I have always been somewhat aware of the constant presence of death in my life, but the day it struck my beloved friend, I was no longer partially aware of it. I was intoxicated by it. It rattled through my bones, paralyzing my body until I had no other choice but to surrender myself to the ground for support. Physical pain seized my heart when I found my childhood best friend, Gigi the cat, curled into a lifeless ball. She was not just a cat. She was my companion through the worst and best times of life. I had forgotten what the world was like before Gigi came into it.
When Gigi first passed away, it was intolerable, as I was in denial. Then it became awkward. It was as if I was walking around trying to function in the world with only half a heart. Sometimes I had to force a grin and put on a face, but in reality I felt like death itself. I know full well that we are all mortals. And I know that death will carry us all away someday, but I never knew it would make me feel like that person had never existed at all. It was as if the memories of the deceased had all been one giant, lovely dream and I had simply imagined it all. I believe that is what makes death excruciatingly painful. The complete and utter finality of it.
Gigi simply vanished, her soul and all, leaving me with this empty body that once held so much love. Her death was so sudden it did not even feel real until the pain set in. That was as real as ever. One moment Gigi was a healthy, happy kitty and then in a blink of an eye her shoulder started to harvest this monstrous lump. It grew like a weed, consuming her left shoulder until she was forced to limp. It fractured the bones in her shoulder, but she never complained despite all the pain she must have been going through. Gigi just went along with her day and did the best she could for herself in the moment. She continued to love us even though each day was a struggle and the simple act of breathing consumed all of her energy. As we neared closer to her death, she grew drastically weaker and aloof. We knew Gigi’s time would soon come. However, nothing and I mean absolutely nothing in the whole wide world could have ever prepared me for what was about to come. All I could do was lay down next to her weak body and try to make her as comfortable as possible. It pained me to see her in this constant state of agony, but we had tried everything we could to demolish the tumor. We took her to Colorado for radiation therapy, confident that it could save our sweet Gigi. When she arrived back home her tumor began to shrink, but then days later it started to grow again. This time it grew at an alarming rate. I remember the moment I realized that there was nothing else we could do for her but to just love Gigi till the end. And that is exactly what we did.

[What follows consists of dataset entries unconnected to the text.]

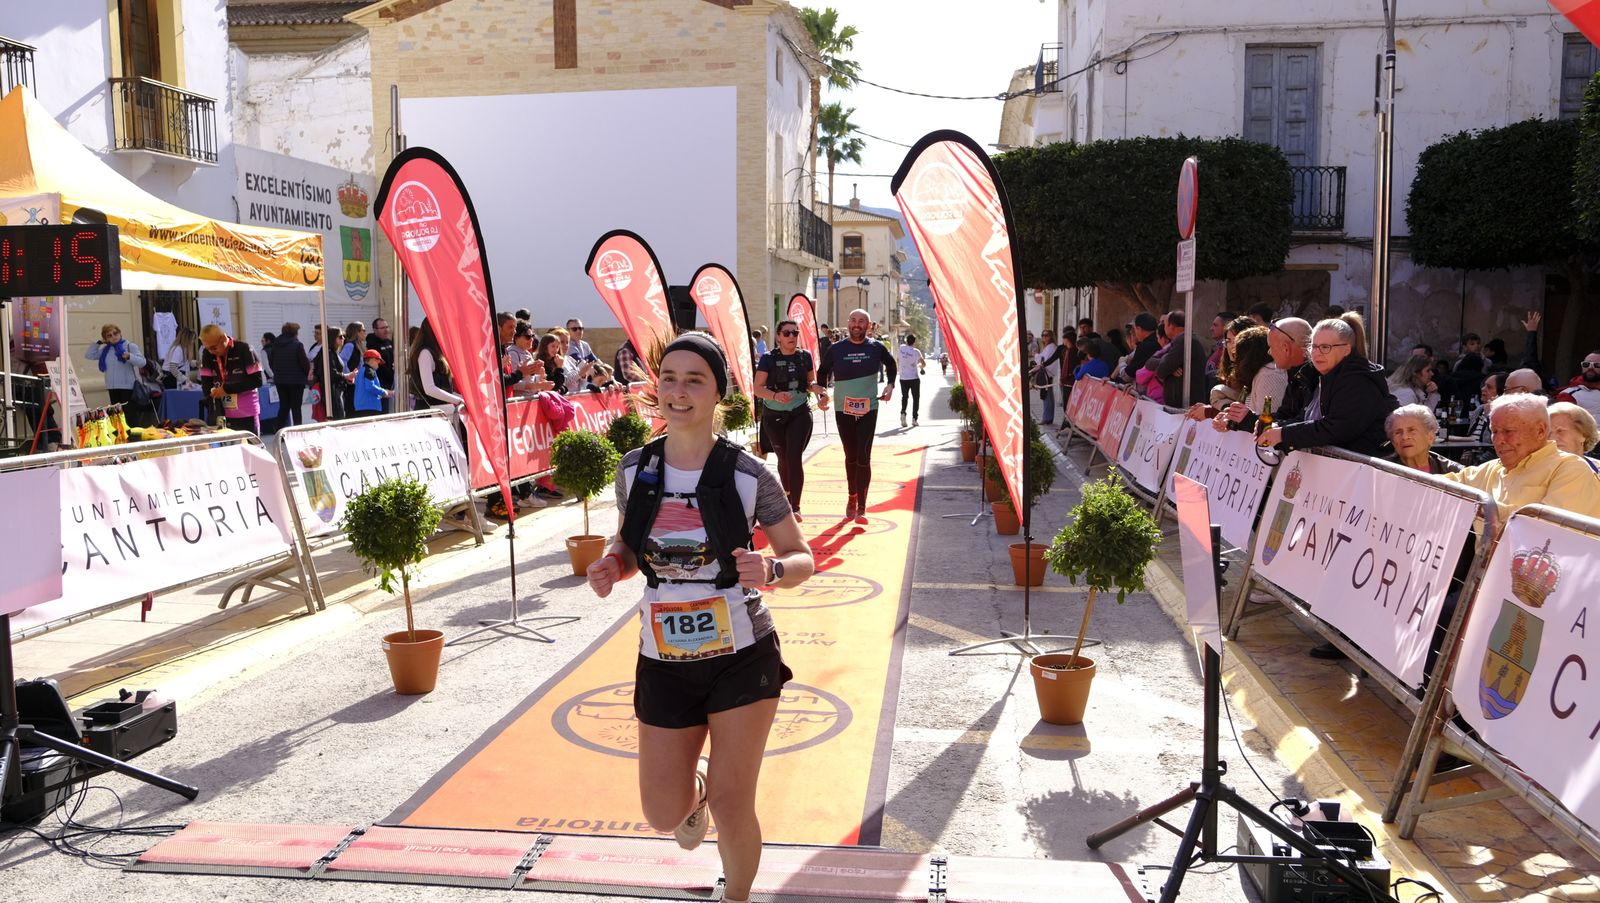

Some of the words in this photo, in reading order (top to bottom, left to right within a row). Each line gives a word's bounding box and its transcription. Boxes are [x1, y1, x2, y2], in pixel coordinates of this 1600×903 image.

[245, 172, 332, 205] EXCELENTÍSIMO
[249, 202, 333, 231] AYUNTAMIENTO
[848, 401, 865, 409] 281
[335, 440, 432, 467] AYUNTAMIENTO
[436, 438, 452, 450] DE
[1252, 463, 1265, 481] DE
[72, 479, 230, 523] UNTAMIENTO
[237, 473, 259, 492] DE
[62, 496, 274, 576] ANTORIA
[1420, 540, 1444, 570] DE
[1287, 517, 1431, 632] CANTORIA
[663, 612, 715, 634] 182
[516, 816, 650, 833] antoria
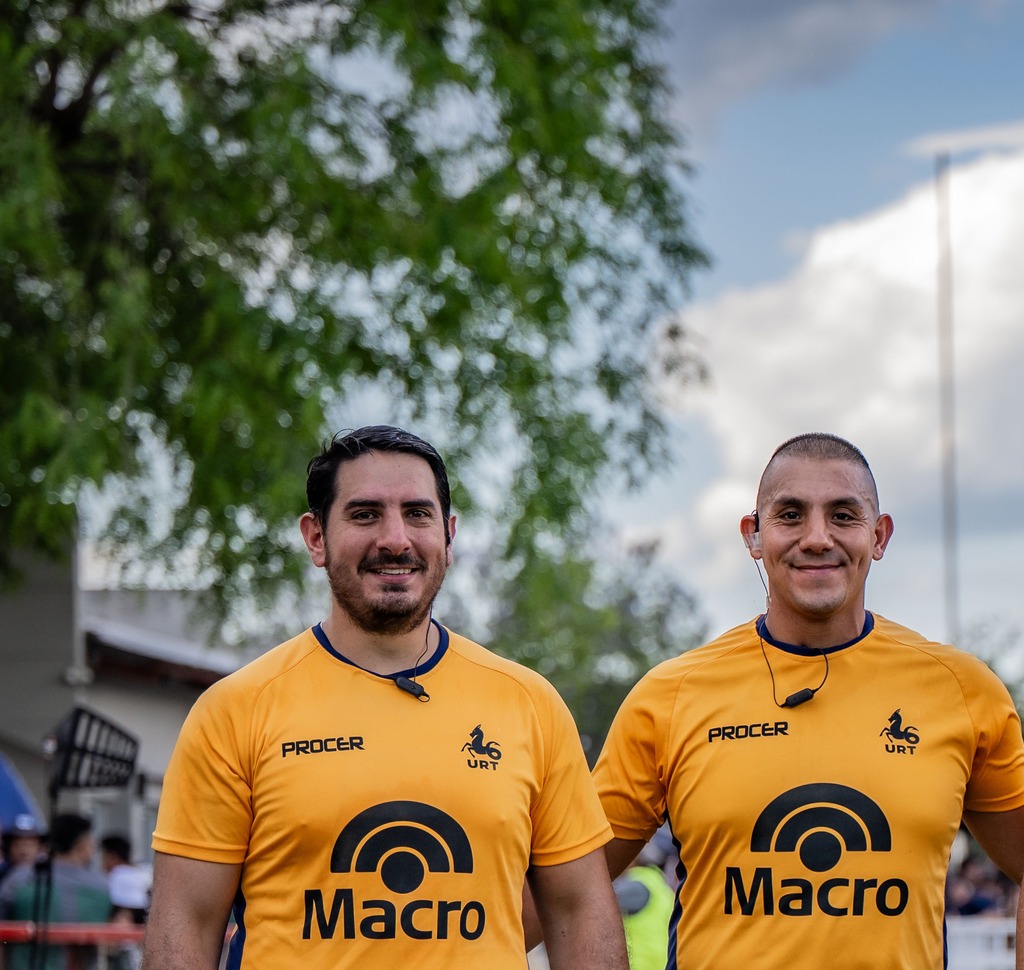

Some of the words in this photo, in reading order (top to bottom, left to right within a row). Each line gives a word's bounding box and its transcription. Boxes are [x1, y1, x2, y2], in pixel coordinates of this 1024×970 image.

[708, 721, 789, 743] PROCER
[281, 736, 364, 758] PROCER
[885, 742, 919, 755] URT
[467, 758, 500, 771] URT
[724, 868, 909, 919] Macro
[302, 889, 486, 941] Macro

I will never forget the last time I kissed Gigi on her cute forehead. She looked at me with her big, golden eyes as I descended down the stairs to go off to work. If I had known that was her last day, I would never have gone to work. I try not to hold that regret with me, but sometimes the frustration and anger are too overwhelming. Then when I was at work, painting a pottery display piece, my mom walks into the shop. My heart immediately dropped from my chest because I already knew what happened. She takes off her sunglasses and reveals her eyes brimmed with tears. No words were necessary in that moment. It suddenly felt like the world was collapsing down on me. When I stepped outside to go back home, the sunny, blue sky seemed like it was mocking me. The rest of the world was simply carrying on with itself as I was internally crumbling. I remember thinking in my head, so this is what the world feels like without my best friend in it.

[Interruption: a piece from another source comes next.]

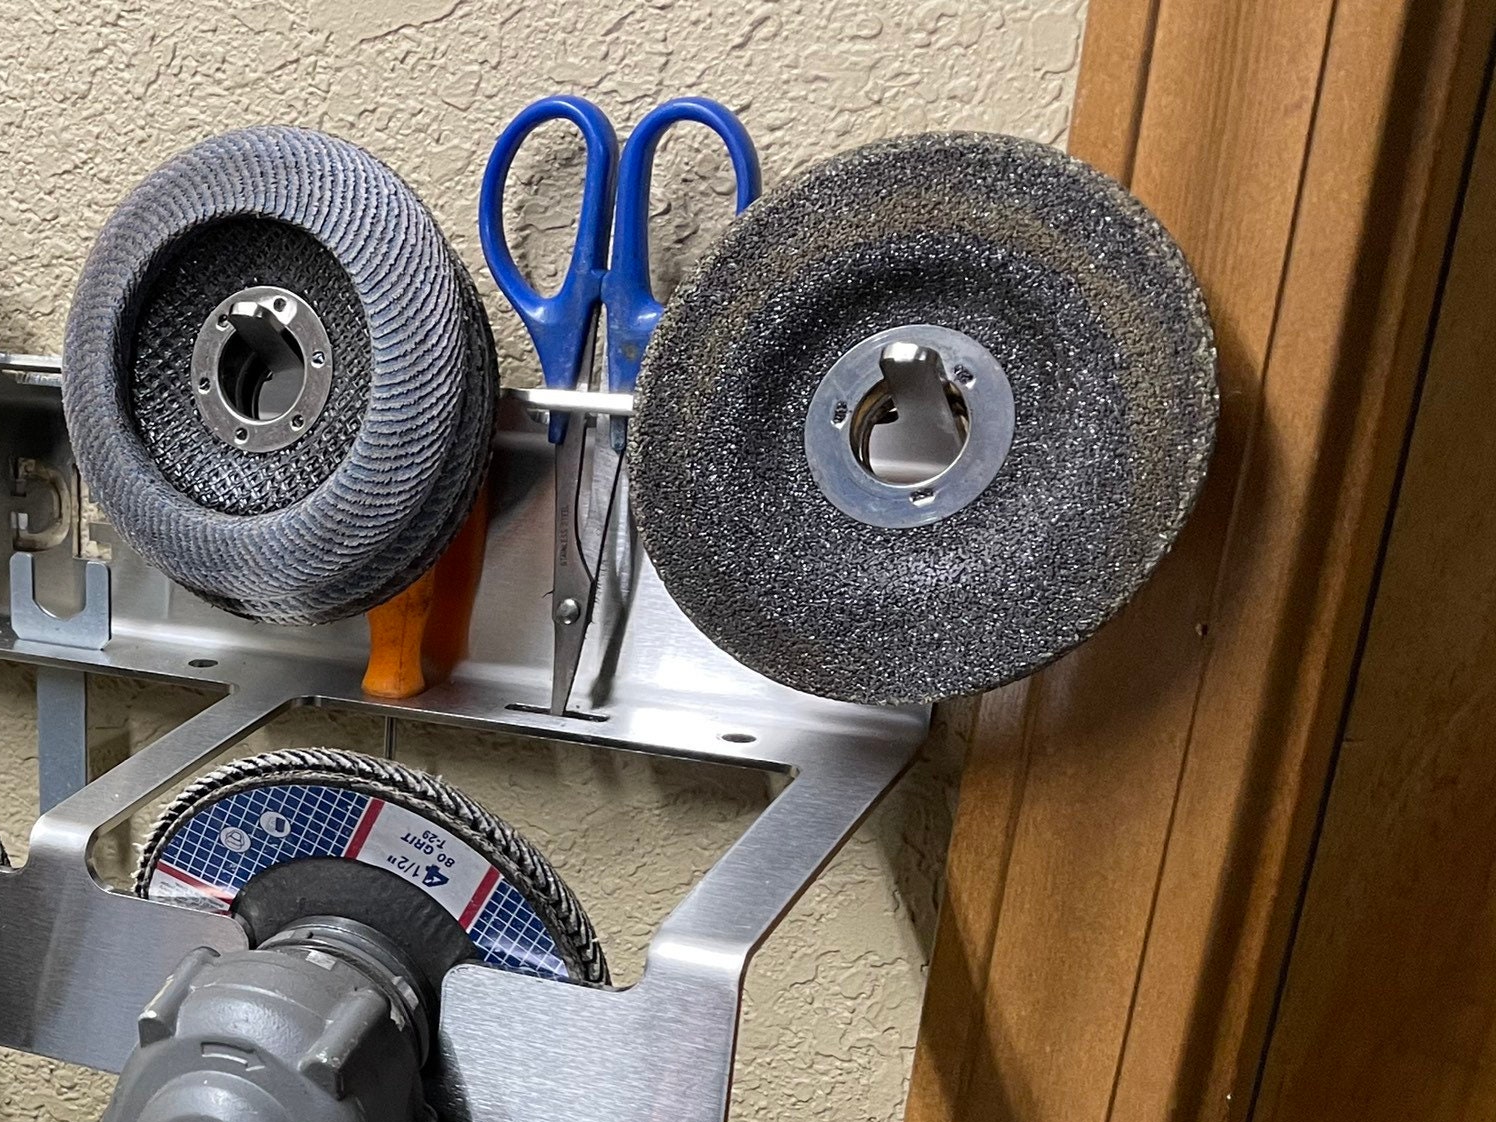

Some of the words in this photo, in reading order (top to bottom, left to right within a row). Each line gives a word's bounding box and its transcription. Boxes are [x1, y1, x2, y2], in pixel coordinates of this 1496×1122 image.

[400, 833, 434, 855] GRIT
[422, 830, 445, 848] T-29
[435, 851, 455, 869] 80
[421, 863, 449, 887] 4

Gigi, with her silky black fur, came into our lives ill and an abnormally small. Yet, it did not affect her ability to trust and love us. Since day one, she has brightened up the world around her and has brought never-ending joy to my family. And for that, we are eternally grateful. Gigi lived a wonderful, pleasant life. She had this remarkable ability to tolerate my utter nonsense whenever I would dress her in a pink tutu and stroll her around the park in a dog stroller. It was obvious she did not particularly enjoy these experiences as much as I did. Gigi went on many adventures, most of them against her will; nonetheless they were very fond memories. Yet, she still loved me unconditionally with all of her little kitty heart. My mom said she has known many cats in her life, but she has never known such a docile, loving cat as Gigi. She was everything a child could ask for in a companion: sweet, loving, and understanding. Whenever I was solemn, or stressed Gigi would curl up into my lap and comfort me. I would only have to hug her and all my anxieties and worries would dissolve. There is not a day that goes by that I do not achingly miss Gigi. I will always cherish the wonderful memories I have had with her and I will always keep her soul and spirit with me forever. She was one of the greatest things that has ever happened to me. Her legacy will continue within the lives that she has touched, for her love could never die.